Dr Paul Edwards
Research description
Cancers are caused by the alteration of genes, but we don’t yet know which genes, because we do not yet have detailed knowledge of how genes are altered in more than a handful of cases. One of the ways in which genes are altered in cancer is by rearrangements of large segments of DNA, i.e. chromosome translocations, duplications, deletions and inversions. Until recently, very little accurate information about these rearrangements has been available for common epithelial cancers such as breast cancer, because patterns of chromosome rearrangement in these tumours are too complex to be analyzed by older methods such as cytogenetics. However, we now know that really important genome rearrangements are out there waiting to be discovered. In particular, rearrangements can join parts of two genes to create new ‘fusion’ genes, which are powerful mutations and can be important diagnostic markers and targets for therapy. The most dramatic evidence that fusion genes are important in the common cancers has been the discovery of gene fusions present in the majority of prostate cancers, but gene fusions are now turning up in breast, lung and other common cancers (reviewed in Edwards, 2010).
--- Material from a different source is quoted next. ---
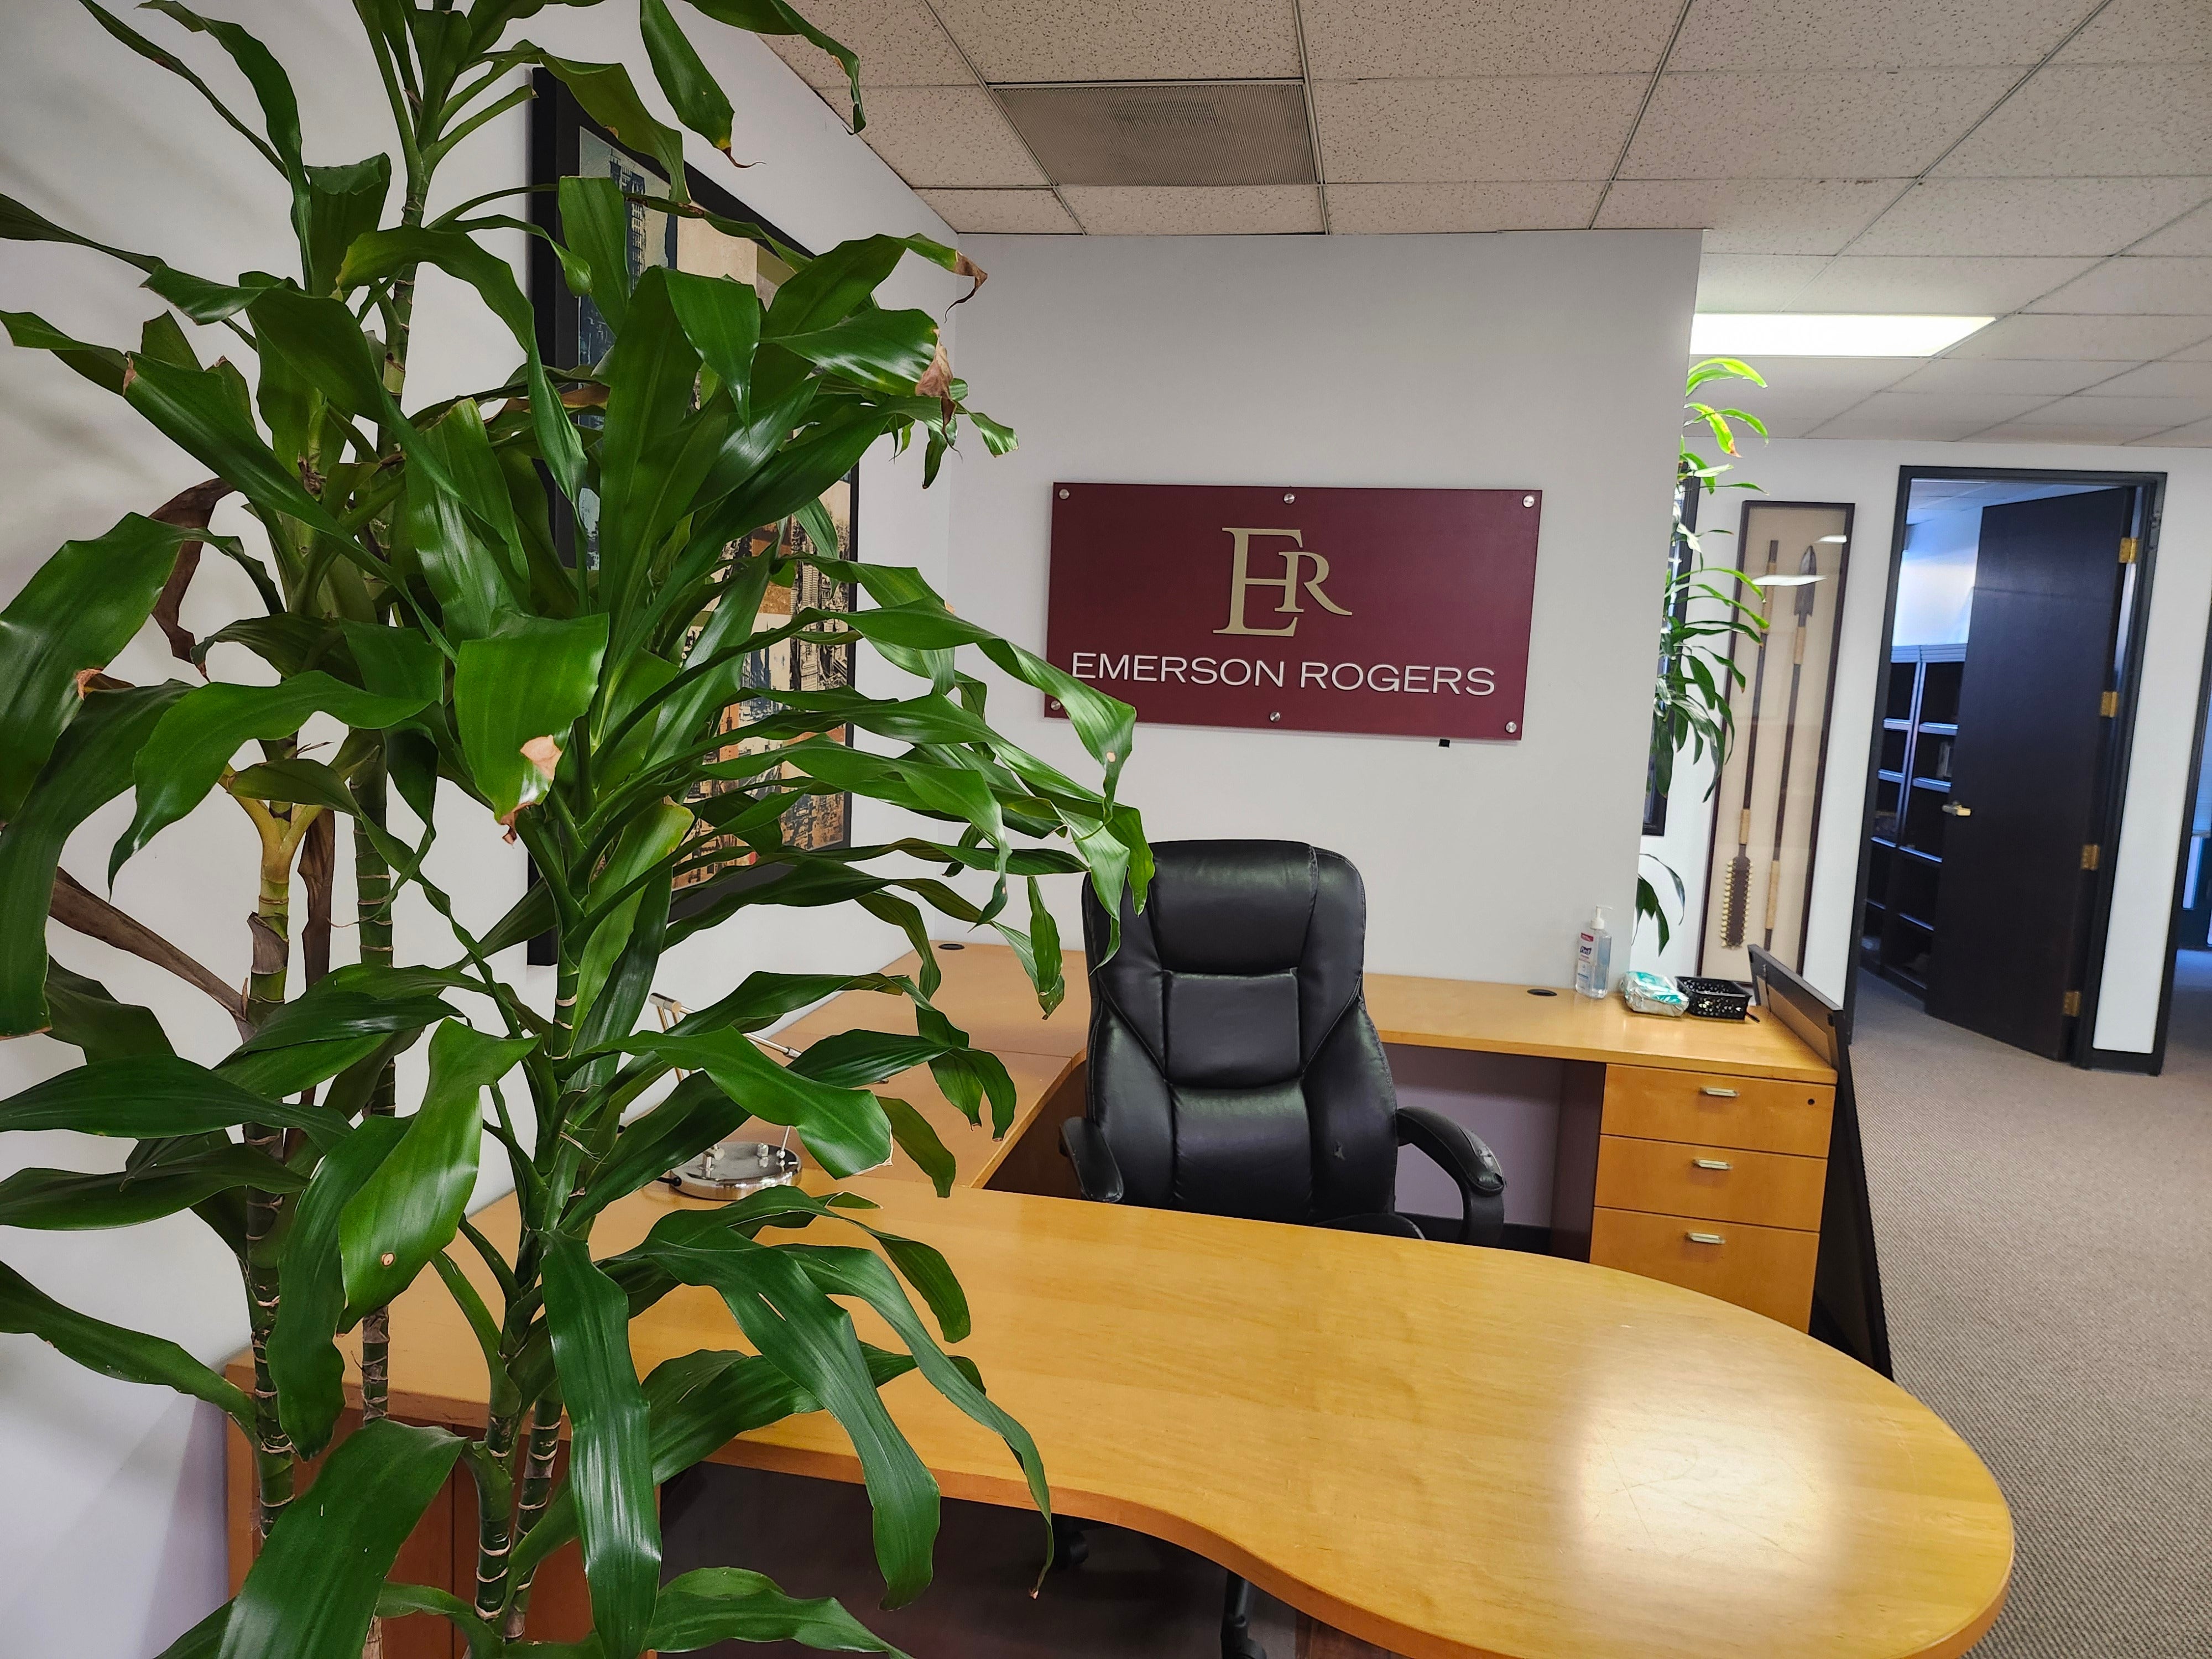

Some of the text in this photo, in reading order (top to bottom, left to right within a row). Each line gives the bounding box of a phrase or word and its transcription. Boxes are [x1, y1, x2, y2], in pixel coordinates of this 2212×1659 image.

[1213, 528, 1353, 637] ER
[1072, 652, 1495, 696] EMERSON ROGERS
In the last two or three years we and others have developed technology that allows us to comprehensively analyse DNA rearrangements in breast and other cancers. A good starting point is the multicolour fluorescent ‘SKY’ images like the one shown here, which outline the major chromosome translocations in a tumour (see our catalogue at http://www.path.cam.ac.uk/~pawefish). We have used two approaches to map the boundaries of the chromosome segments seen in these images. We first used ‘array painting’, in which individual chromosomes are separated in a cell sorter and then analyzed by hybridization to DNA microarrays (Howarth et al, 2008). Recently we have moved to ‘paired end read’ methods, which exploit the new massively-parallel DNA sequencing methods (Edwards, 2010). This strategy identifies rearrangements essentially by finding the new DNA sequences formed at the junctions between rearranged bits of DNA.
We and others have analysed several breast cancers and over the next few years we can expect whole genomes of breast cancers and a range of other cancers to be sequenced. Already many new fusion genes have been found, and work is just beginning to determine their significance - some will merely be accidental consequences of genome rearrangement, others, like those in prostate cancer, may be central to cancer development and provide targets for therapy.
We are now applying this experience in a project to sequence 500 oesophageal adenocarcinomas in a consortium with colleagues Fitzgerald and Tavaré (Dept Oncology). As well as hunting fusion genes, which generally are hyperactive versions of the genes involved, we have a secondary interest in genes inactivated by genome rearrangements. In particular we proposed that the NRG1 gene is a major tumour suppressor gene on the short arm of chromosome 8, which could account for the loss of this region in many human cancers (Chua et al, 2009). NRG1 encodes ligands for the ErbB/EGFreceptor/ HER–2 family of receptors, and can drive both division and death of cells, depending on conditions.
While characterizing fusion genes we found that reciprocal translocations often have tens of kilobases of common sequence duplicated onto both product chromosomes, leading us to propose that chromosome translocations are formed at replication bubbles (Howarth et al, 2011).